Songeur, il considère son tableau et allume une
cigarette.
Anita Dubreuil achève de déposer sa plainte contre
X, recueillie par le jeune lieutenant Nguyên Tan Phat – sorti l'été
précédent de la toute nouvelle école de police de Noisy-le-Grand –,
qui s'est montré avec elle d'une patience exemplaire en l'écoutant
détailler ses certitudes et ses suppositions. L'officier dont elle
a remarqué les traits délicats et apprécié la douceur commence
juste à lui relire les éléments qu'il a notés quand le portable de
la plaignante carillonne. Laurent ! Elle ouvre précipitamment l'appareil
et ses yeux bruns chavirent de l'espérance à la déception
crispée.
– C'est ma belle-mère. Je serai brève. Vous
permettez ?
– Je vous en prie.
Anita prend la ligne.
– Bonjour, mamie.
– Bonjour, ma chérie. Je cherche à joindre
Laurent depuis hier. J'ai laissé plusieurs messages sur son
portable, il ne rappelle pas. Il n'a pas de problème, au
moins…
– Non. Je crois qu'il n'a plus de problème.
Celui qu'il avait, la mise en demeure de rembourser son découvert
bancaire, il vous en a parlé, vous n'avez rien pu faire… Si,
pardon, vous avez prié !
– C'est pour ça qu'il ne prend pas la
communication ? Il me fait la tête ?
– Excusez-moi, mamie, je suis occupée…
– Je me doutais bien que je vous
dérangerais ! C'est pour ça que je n'ai pas appelé plus tôt.

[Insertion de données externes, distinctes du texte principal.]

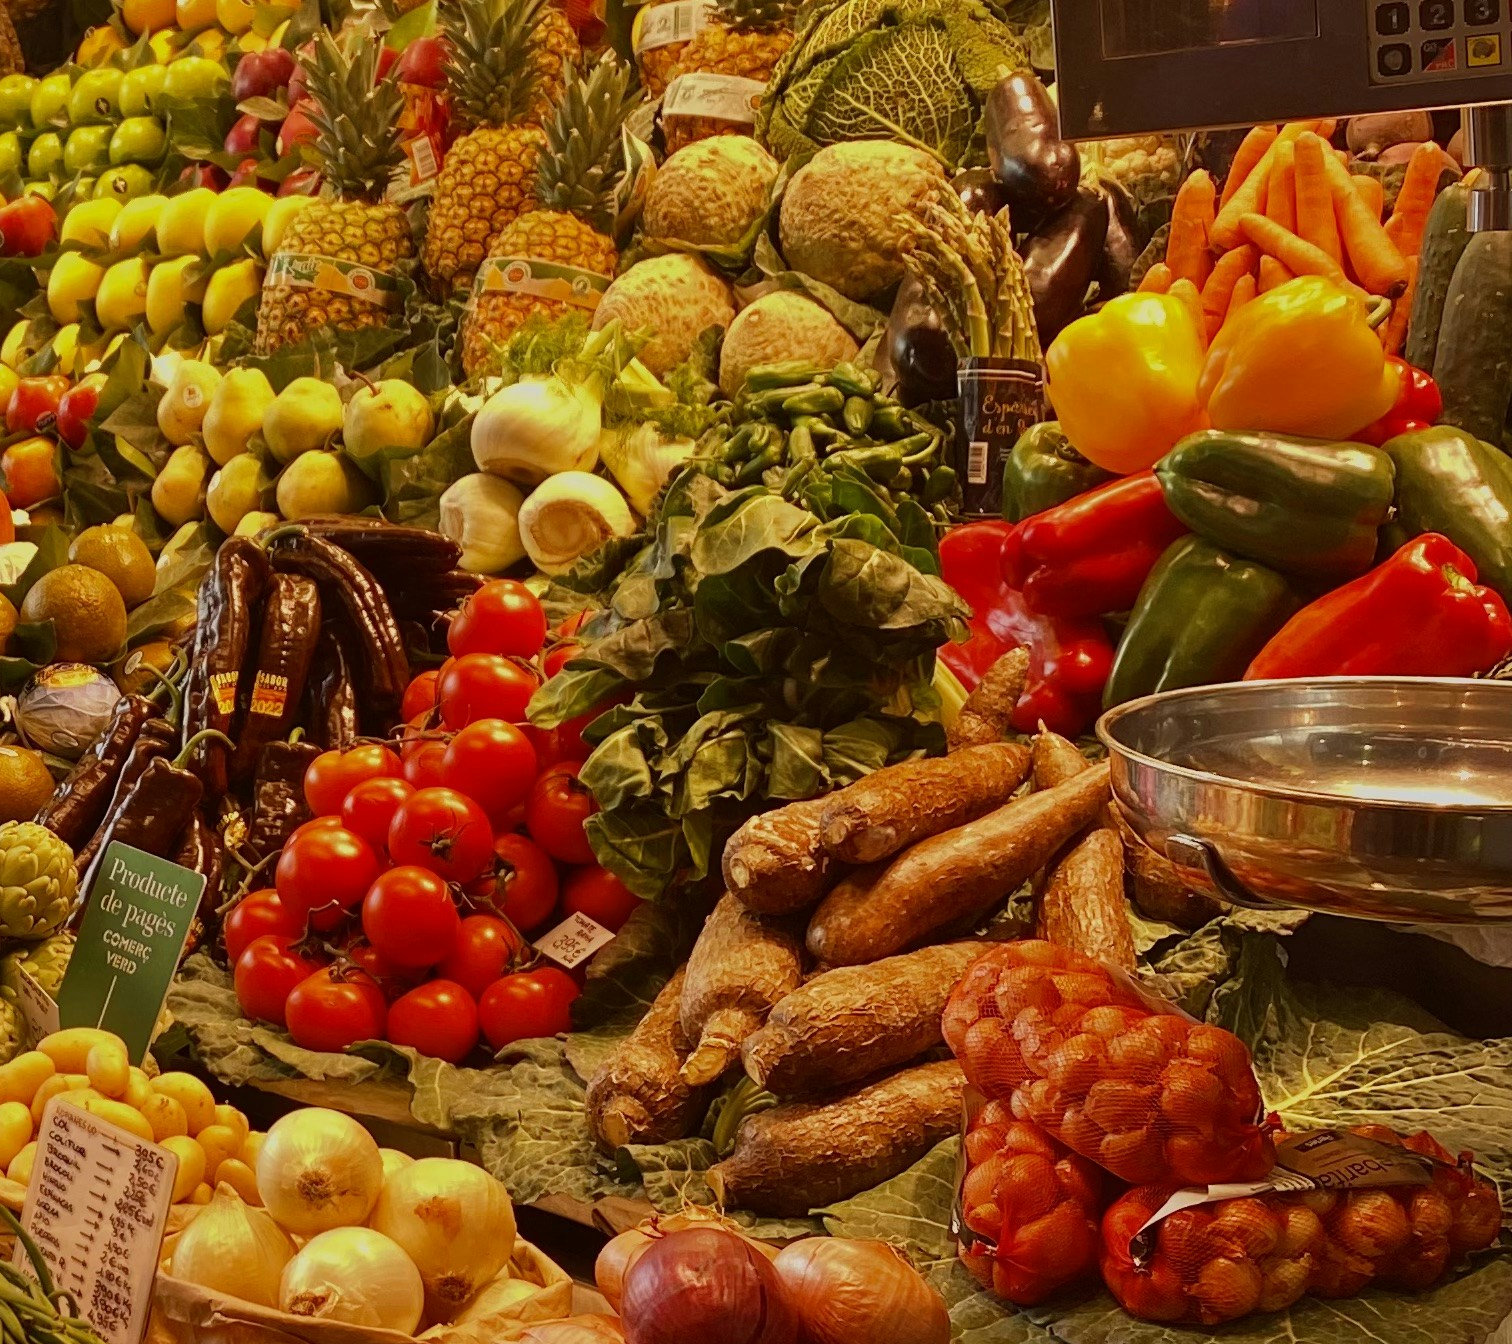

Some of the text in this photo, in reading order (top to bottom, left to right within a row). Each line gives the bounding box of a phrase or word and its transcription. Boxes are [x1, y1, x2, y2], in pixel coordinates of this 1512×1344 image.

[109, 858, 188, 908] Producte
[100, 889, 176, 938] de pagès
[103, 929, 152, 964] COMERÇ
[106, 951, 137, 974] VERD
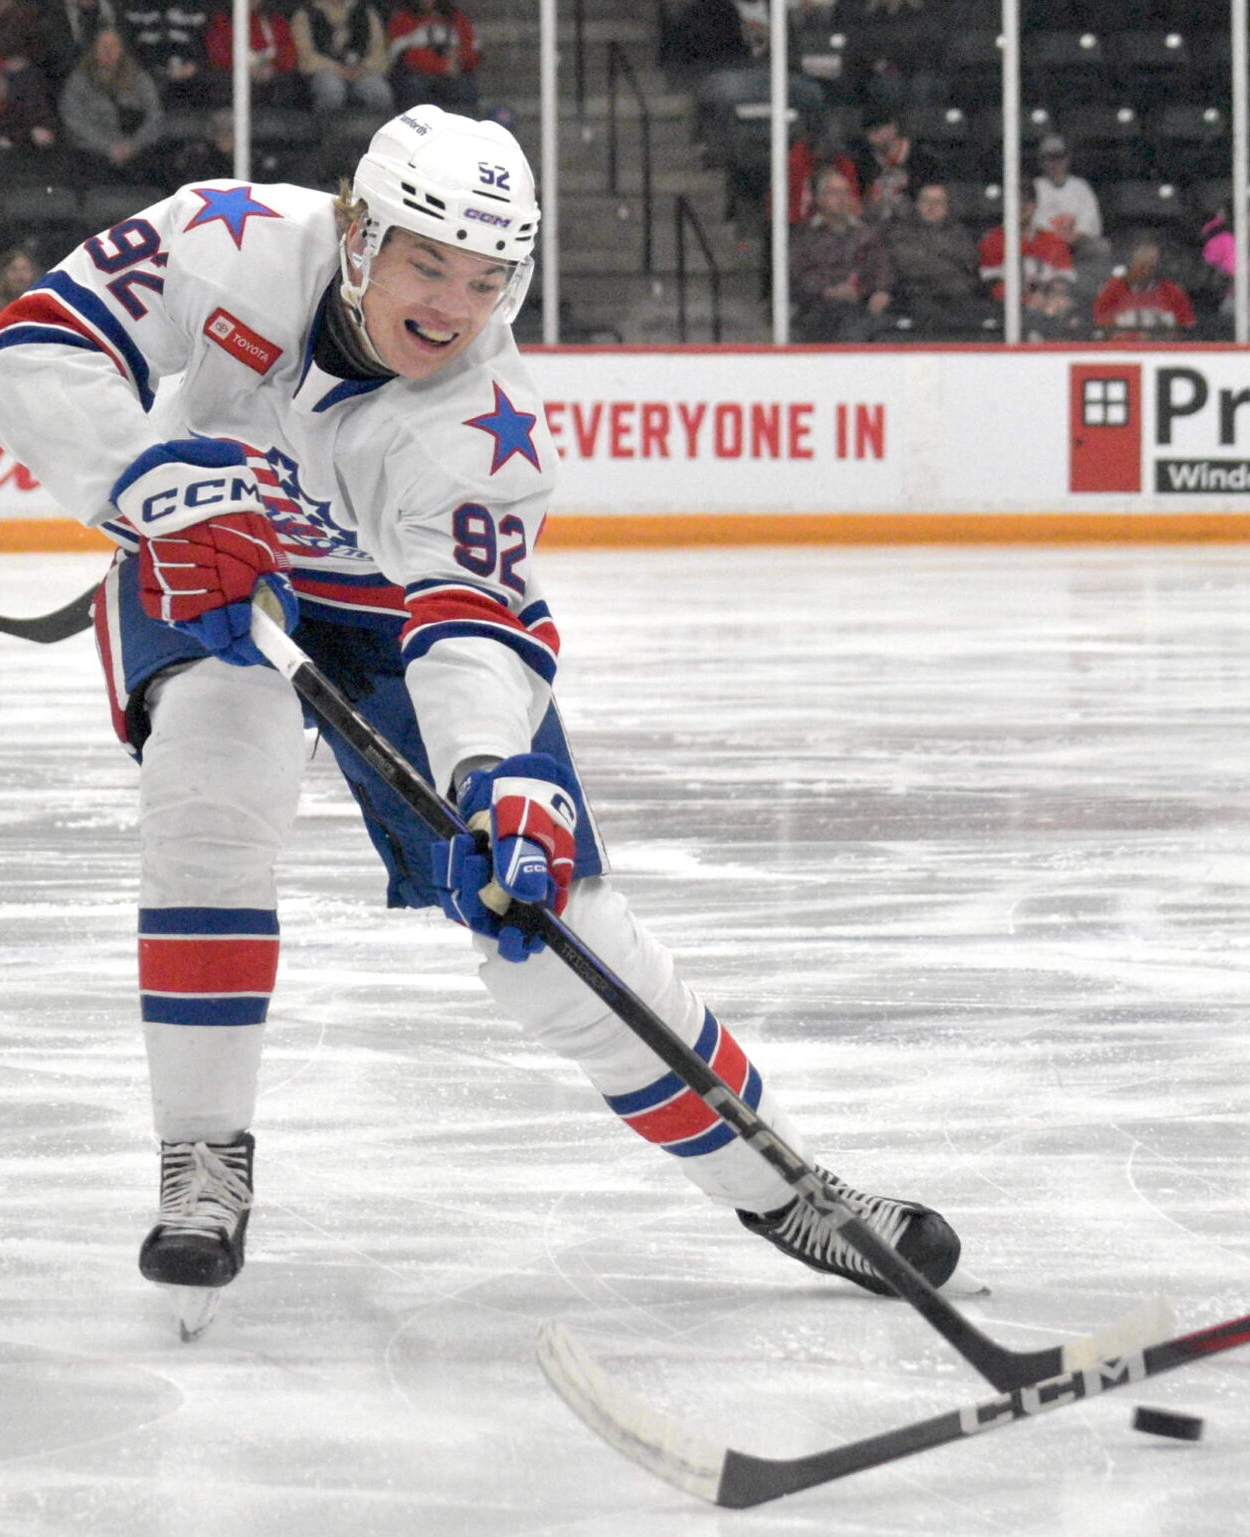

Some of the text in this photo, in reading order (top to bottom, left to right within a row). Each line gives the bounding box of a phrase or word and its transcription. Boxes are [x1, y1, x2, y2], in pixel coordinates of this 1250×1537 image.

Louis me disait de ne pas le faire.
– Papy est toujours de bon conseil.
– Vous êtes charmante.
– Non, indisponible. Bisous.
Elle replie le module.
Nguyên Tan Phat reprend sa lecture : absence
inexpliquée du mari, cambriolage du domicile, destruction de
fichiers, vol de documents, de disquettes et CD de sauvegarde,
description sommaire de l'intrus surpris par Anita.
– Un quinqua trapu poivre et sel à l'air
vicieux qui portait des gants de latex, je les ai remarqués quand
il m'a agrippé la gorge d'une seule main, en disant :
« Vous n'avez rien vu, madame Dubreuil ! Je n'existe
pas ! Sans ça, je m'occupe de Noémie et Nicolas. Si j'avais
des ennuis, mes amis agiraient pour moi. Je suis
clair ? » Sûr, qu'il était clair. J'ai eu une de ces
peurs !
Elle a ajouté le numéro du Renault Master EDF-GDF
dans lequel le voleur a pris la fuite, mais jamais Anita n'a nommé
Jean-Denis Moran. Après tout, je ne suis sûre
de rien à ce sujet, je ne peux pas m'embarquer dans une
dénonciation qui me vaudra des représailles. Et puis si les flics
se mettent à enquêter sur les chantiers de Laurent pour Moran, on
n'en aura pas fini avec les ennuis. L'essentiel est qu'ils le
retrouvent ; le reste n'a pas d'importance, on se débrouillera
toujours.
Elle signe.
– Vous me promettez de transmettre ma plainte
au procureur en insistant sur le côté absolument inhabituel du
silence de Laurent…
– Mieux que ça, madame, je vais faire
inscrire immédiatement votre mari au fichier des personnes
recherchées. Étant donné que, eu égard à la conjoncture, sa
disparition présente un caractère inquiétant, en alertant mon chef
de service, je vais recommander qu'il soit procédé le plus tôt
possible aux investigations susceptibles de le retrouver.
Anita sourit.
– Il est adorable !
Je l'embrasserais ! Comment comptez-vous nous protéger,
mes enfants et moi ?
– Je vais évoquer la question avec mon chef.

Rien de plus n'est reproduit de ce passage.